Getting More Out of Your Gym Routine

February 24, 2014

   When I planned to write this post back in December, I had envisioned it would be raining in Cambria this week. Envisioning. Hoping. Praying. And I'll bet everyone in SLO county has been, too. Well, it worked!  We have a 50 percent chance for rain on Wednesday, 80 percent on Friday, and 50 percent on Saturday. Let's keep our fingers crossed the weather forecast is wrong and it will rain all week. So here is how I had planned to start this post:

   The rainy season means plenty of time in the gym. I find myself sometimes getting into a routine and going through the motions. All the exercises are good, don't get me wrong, but am I getting the optimum benefit from them?

   I talked to a couple of fellow instructors to find out what they do to walk out of the gym feeling renewed.

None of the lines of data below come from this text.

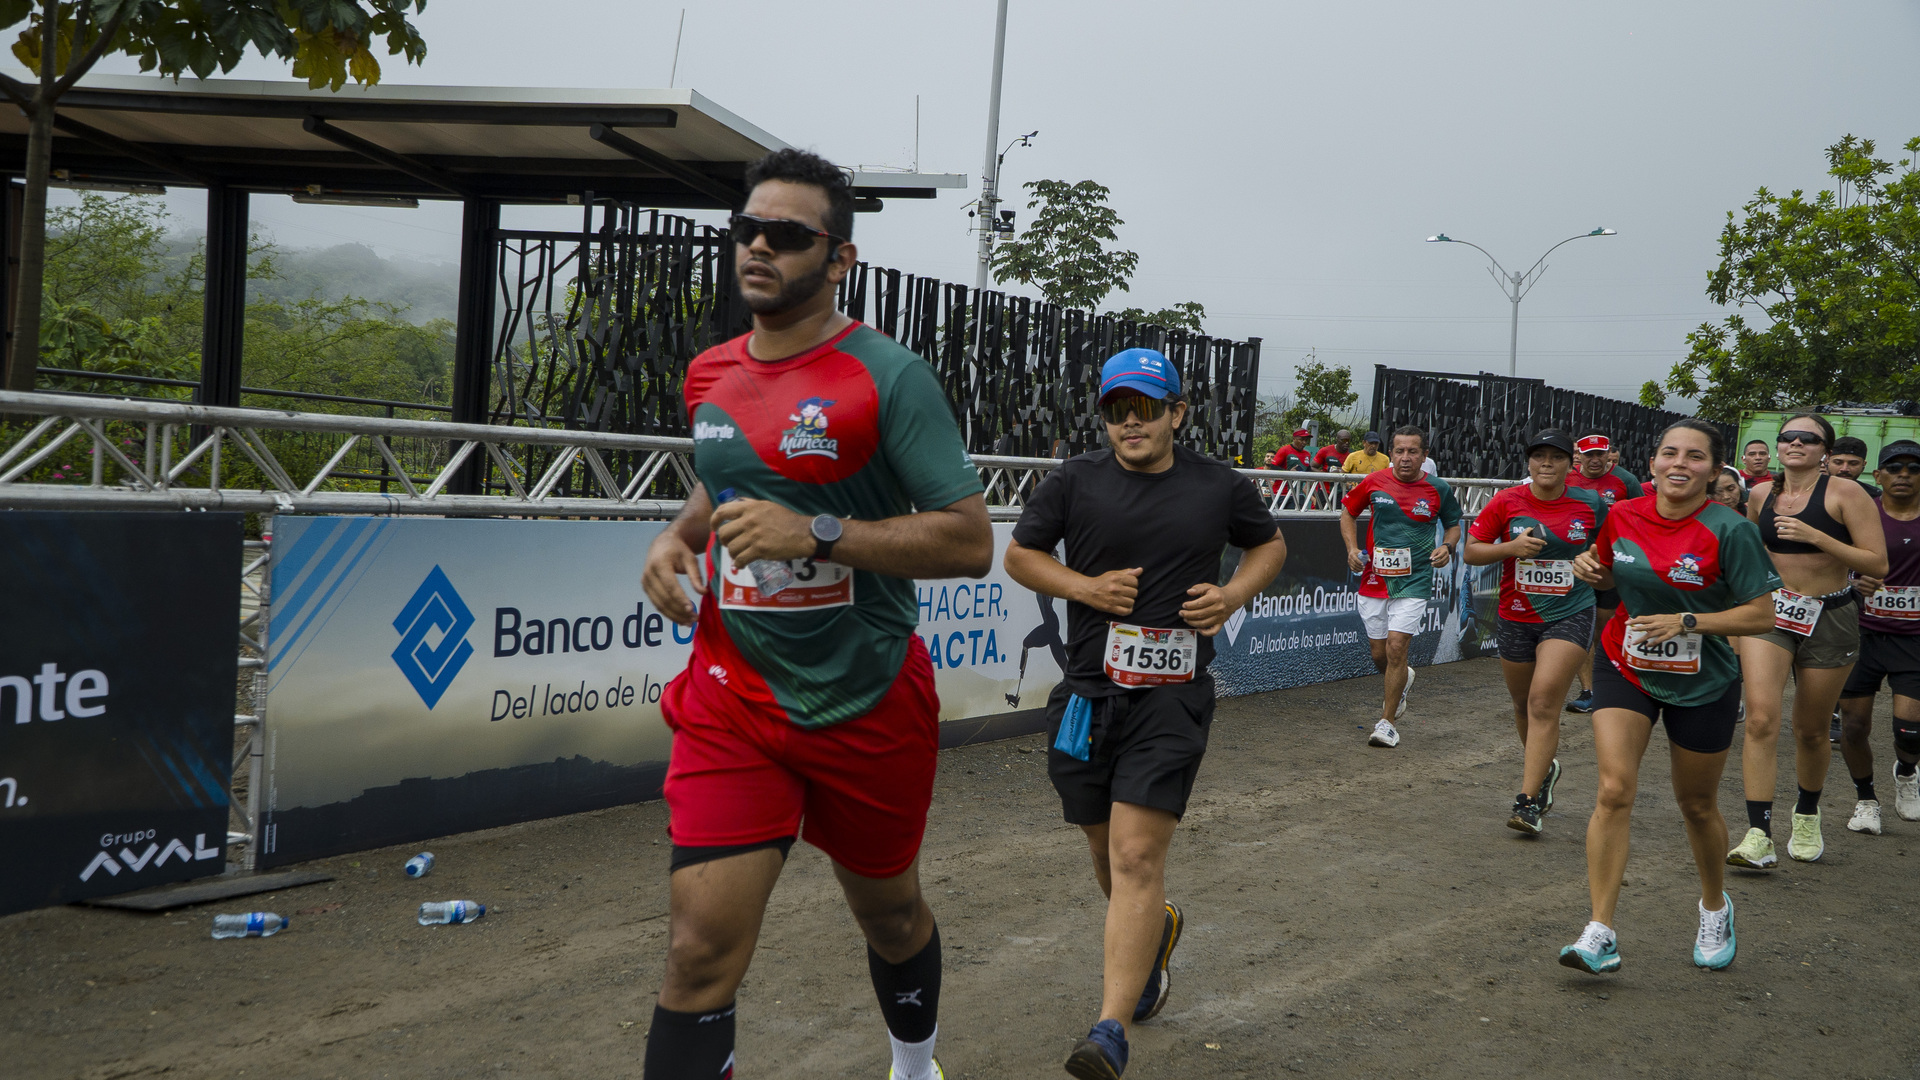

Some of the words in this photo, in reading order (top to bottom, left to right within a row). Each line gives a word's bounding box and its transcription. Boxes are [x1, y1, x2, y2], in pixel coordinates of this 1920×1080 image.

[1379, 556, 1400, 567] 134
[1525, 570, 1563, 584] 1095
[918, 583, 1008, 622] HACER,
[1252, 592, 1293, 618] Banco
[1295, 587, 1311, 615] de
[1313, 585, 1359, 613] Occiden
[1875, 596, 1915, 609] 1861
[494, 607, 614, 658] Banco
[622, 602, 664, 648] de
[1249, 635, 1266, 654] Del
[1266, 632, 1287, 652] lado
[1288, 631, 1299, 650] de
[1301, 630, 1313, 648] los
[1315, 634, 1331, 651] que
[1332, 627, 1359, 646] hacen.
[918, 629, 1006, 669] ACTA.
[1480, 638, 1498, 650] AVAL
[1637, 641, 1678, 657] 440
[1123, 645, 1182, 670] 1536
[490, 685, 536, 722] Del
[543, 680, 599, 716] lado
[605, 676, 635, 708] de
[101, 829, 156, 847] Grupo
[79, 833, 219, 883] AVAL

   Terri Harrington, personal trainer and yoga instructor at GymOne, says it's not about the specific routine or weights but your awareness and mind-body connection to yourself. "Connect breath to movement," she points out.  "Be there, in your body whether you're spinning, lifting weights or stretching. Connect to your body's intuition for health and well being."

   I love the perspective Terri brings because I wasn't even seeing it that way. It reminds me of what Wayne Dyer says about being thankful for your body and even the parts, like your liver or your feet.

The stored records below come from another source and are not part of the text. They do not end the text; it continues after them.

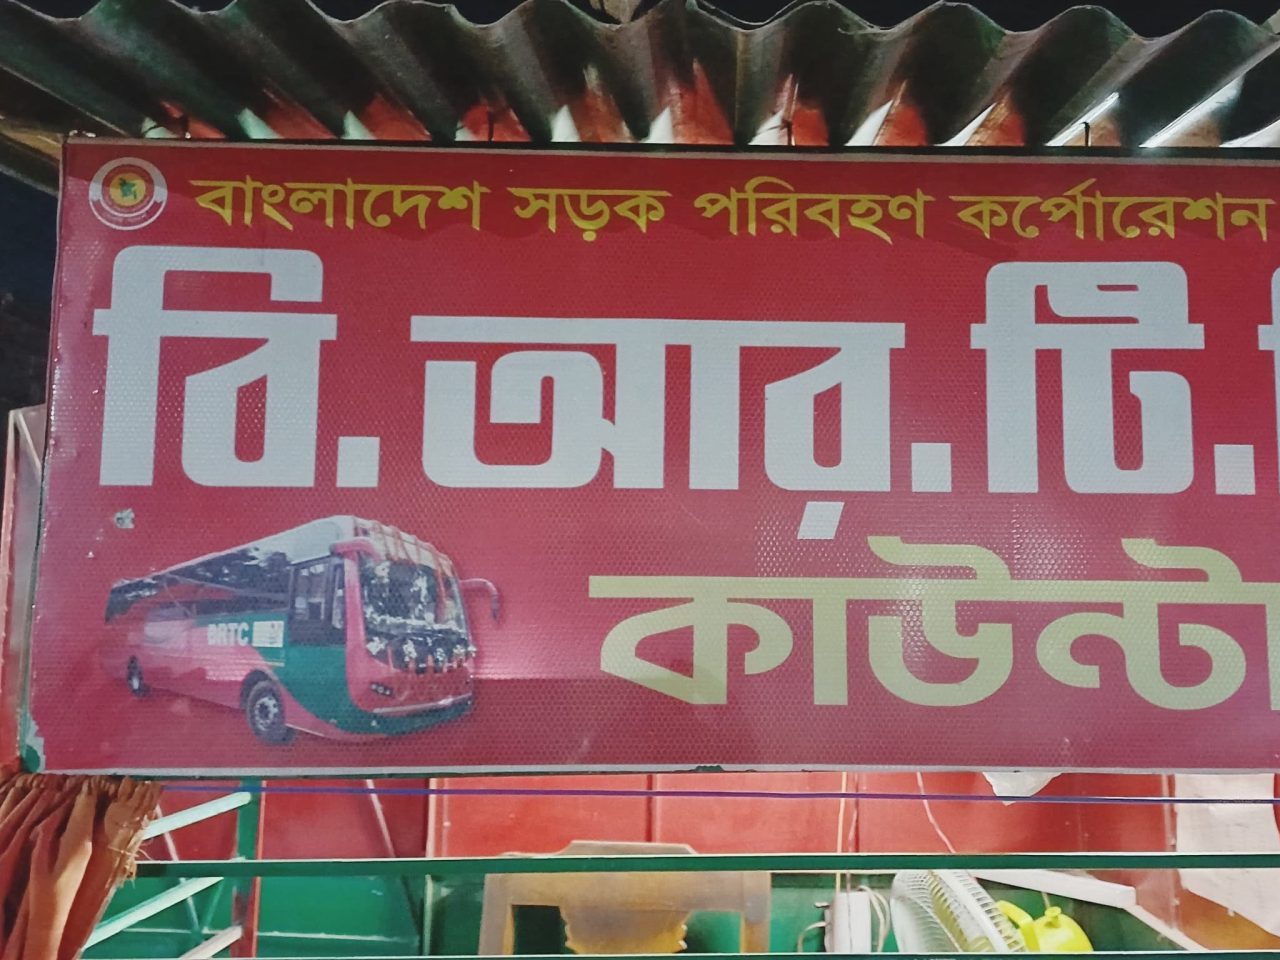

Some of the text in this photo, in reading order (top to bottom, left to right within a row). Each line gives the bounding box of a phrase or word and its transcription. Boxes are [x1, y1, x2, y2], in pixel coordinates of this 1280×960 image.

[190, 174, 491, 232] বাংলাদেশ
[506, 182, 672, 242] সড়ক
[949, 177, 1277, 242] কর্পোরেশন
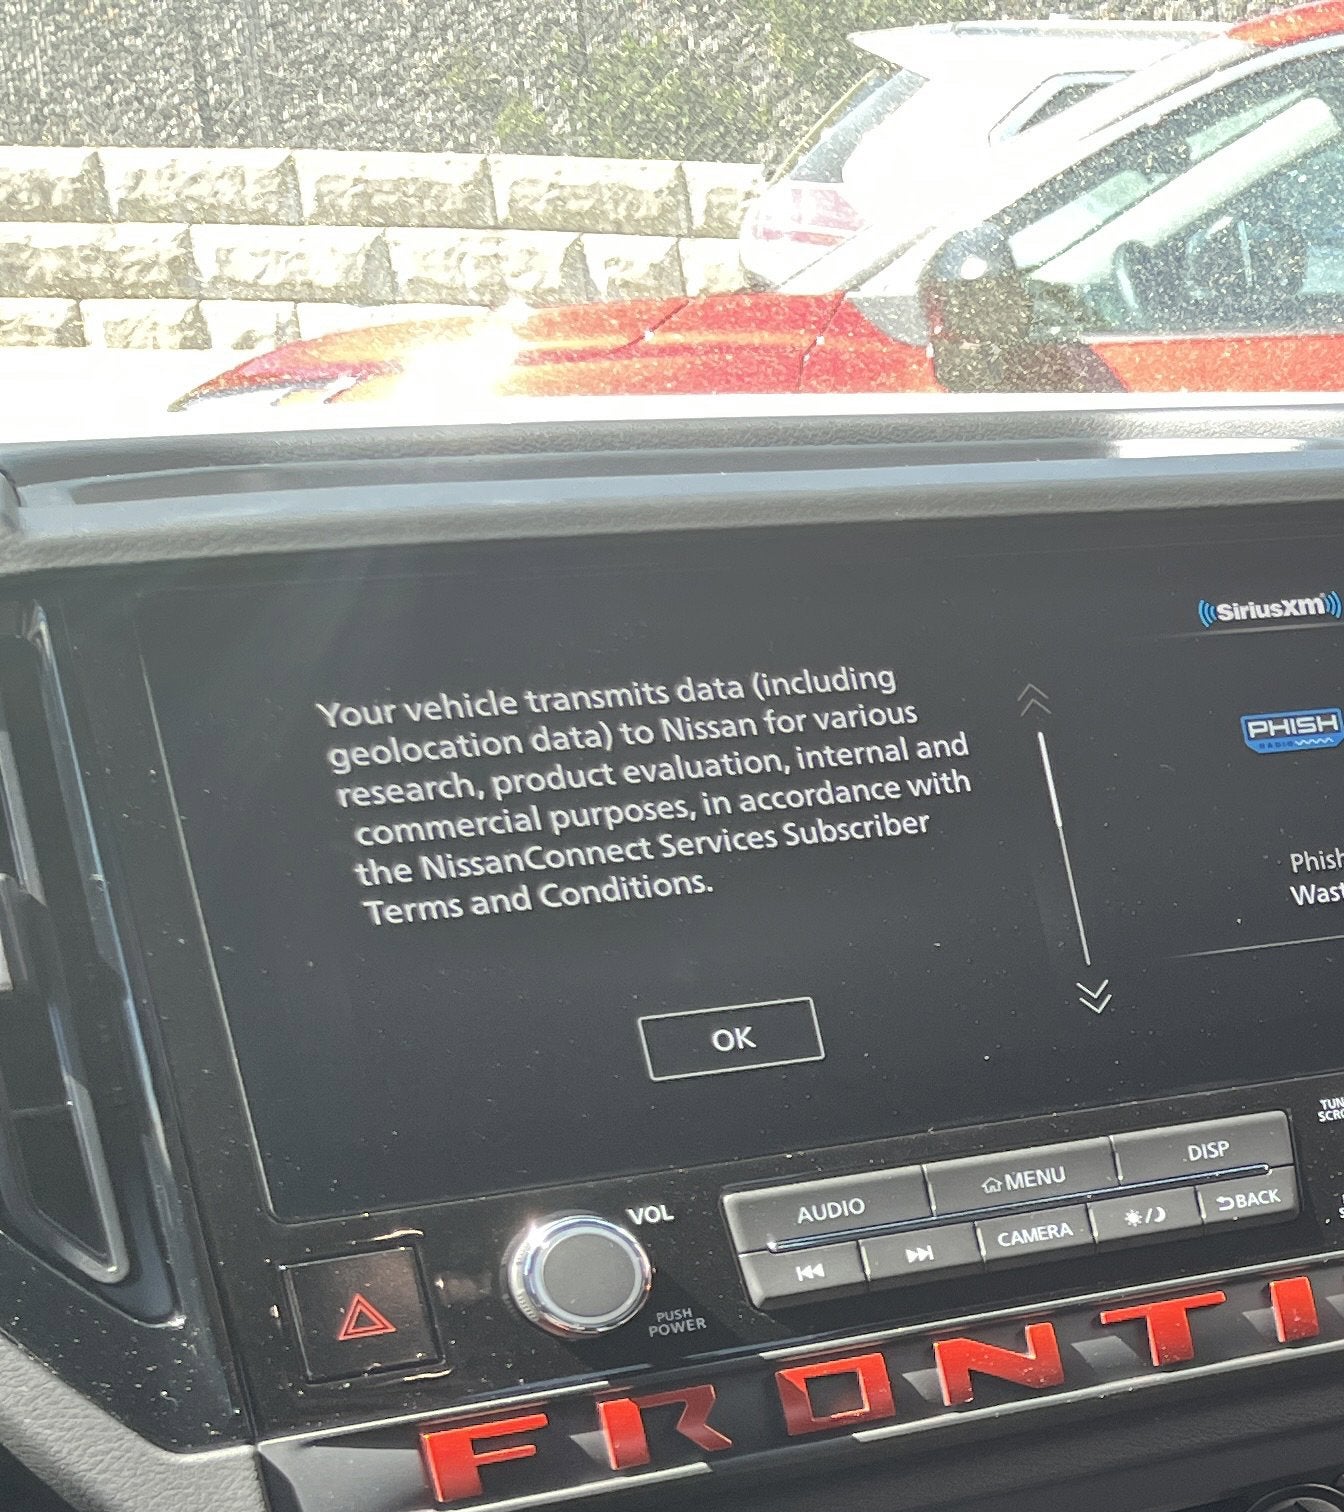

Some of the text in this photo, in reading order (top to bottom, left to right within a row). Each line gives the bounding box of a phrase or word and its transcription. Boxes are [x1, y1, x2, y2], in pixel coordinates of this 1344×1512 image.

[316, 666, 897, 729] Your vehicle transmits data (including
[327, 703, 919, 775] geolocation data) to Nissan for various
[1247, 714, 1340, 739] PHISH
[336, 731, 970, 808] research, product evaluation, internal and
[355, 768, 973, 846] commercial purposes, in accordance with
[353, 811, 931, 887] the NissanConnect Services Subscriber
[363, 872, 715, 926] Terms and Conditions.
[711, 1024, 758, 1054] OK
[1187, 1140, 1231, 1163] DISP
[1004, 1165, 1068, 1192] MENU
[797, 1197, 866, 1224] AUDIO
[1234, 1187, 1283, 1210] BACK
[626, 1204, 675, 1227] VOL
[997, 1222, 1074, 1249] CAMERA
[648, 1318, 707, 1338] POWER
[655, 1307, 693, 1323] PUSH

   At Cambria Community Fitness, personal trainer Scott Barrett warns that we need to do our own exercises and not something "off the rack." In other words, a routine needs adjustments for each individual. "If there is any pain or discomfort with any exercise," he cautions, "then you are not doing it correctly or it is not right for you."


Some Exercises

   I do have a few favorites when I'm at the gym and here are four of them you might want to add to your routine. Don't feel intimidated by all the names of the muscles. We all have them! Information is power.

Helicopter Squat
   Squats are a total lower body workout, working out most of the major muscle groups of the butt, hips and thighs. Arm movements get the glutes working more during the squat.
   With your arms pointed to the left, drop into a squat. As you drop down, bring your arms in front of you and to the right side of your body when you are finally down in the squatted position. Then, rise up bringing your arms back to the right side of your body. Switch sides. Start in the standing position with your arms pointed right and squat while bringing your arms to the left side, and back again to the right as you rise. Repeat this several times alternating your arm direction.

Incline Bench Press
   This is a great exercise for the chest and shoulders. The incline bench press uses the pectoralis major and anterior deltoid muscles.
   Lie on your back, weights at your chest with palms facing up. Inhale. Press the weights up to the ceiling, exhaling as you press up and inhaling as you come down.

Overhead Pulldown, Wide Grip

   The pulldown exercises the latissimus dorsi in the back. It also involves the biceps brachii, brachialis and brachioradialis muscles as well as muscles connected to the scapulae: the lower trapezius and the pectoralis minor muscles.
   Position the thigh support in a snug position with feet on the ground. Choose your weight and take a grip equal to twice your shoulder length with the long bar at its highest position. Lean back slightly from the hips while contracting the abdominal muscles. As you pull down, stick your chest out while keeping your elbows wide. Pull the bar down to your collarbone maintaining posture alignment. Do not rest until all your repetitions are completed for the set.

Captain's Chair Knee Raise
   The knee raise works the lower abdominals.
   Support yourself by your forearms on a captain's chair. Inhale. Then lift your knees towards your midsection. Exhale on the way up. Use your abs to pull your legs up. Rotate your pelvis forward to really crunch your abs. Inhale as you bring your legs back down. You can also perform this exercise with your legs straight out which will make it a more challenging movement.